THE BEST STYLE OF MANNERS.

My dear friends,—

BY MISS A. L. MORTON.

You must, to some extent, be aware of the charm and influence attached to good manners-to amiable, attractive manners. This is the unfading adornment which sets off to the best advantage, mental as well as personal beauty, and recommends even the piety and virtues of the christian. If the truth of this be not already evident to you, experience, that useful teacher, will one day render it so, from the knowledge it seldom fails to impart, whether beneficially received or not. Those pursuits which tend to cultivate the mind, to mend the heart, and to regulate the feelings, must be the best guides for forming the manners, before they receive their finishing polish by good society. In refining the character from its defects, its selfish wanderings from the required standard, it produces an elevation of sentiment at variance with all which has a tendency to render the general manner abrupt, sullen, imperious, negligent, familiar, or artificial. Wherever an uniform, upright principle of action is strictly adhered to, it requires no great penetration to perceive it in the general address, even though it fail to render it polished or attractive. This is seldom effected but under prosperous, or peculiar circumstances. But if the the mind be well regulated, the self-possession attendant upon it, will prevent any of the irregularities of manner which offend the polished and fastidious.

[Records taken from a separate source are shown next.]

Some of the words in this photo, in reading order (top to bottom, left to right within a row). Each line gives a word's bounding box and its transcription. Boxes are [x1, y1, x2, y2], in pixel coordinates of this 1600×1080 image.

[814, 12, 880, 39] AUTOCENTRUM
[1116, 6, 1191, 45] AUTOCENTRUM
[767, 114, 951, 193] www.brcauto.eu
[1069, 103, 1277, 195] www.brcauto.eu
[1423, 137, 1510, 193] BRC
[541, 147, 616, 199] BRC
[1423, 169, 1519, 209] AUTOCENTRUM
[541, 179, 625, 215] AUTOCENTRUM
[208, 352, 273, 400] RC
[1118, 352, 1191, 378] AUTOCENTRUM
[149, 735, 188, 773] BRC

One great security for a generally acceptable manner is, to keep true to nature in its cultivated refinement. It is not only a wearing employment to be always acting, to which a hightoned mind could not submit, but it is paying too dearly, in every point of view, for human estimation, and, after all, it defeats the very purpose for which artificial manners are formed. If we look round us, we shall readily perceive that it is not the artificial who stand highest in public opinion. It is not in the nature of things for an artificial person to inspire confidence in any of sufficient discernment to penetrate the veil of hypocrisy through which it is sought. And wherever public confidence is wanting, after a fair trial, the character cannot be entitled to much esteem. Those who have a prepared smile for every address, soon lose their influence with

THE BEST STYLE OF MANNERS.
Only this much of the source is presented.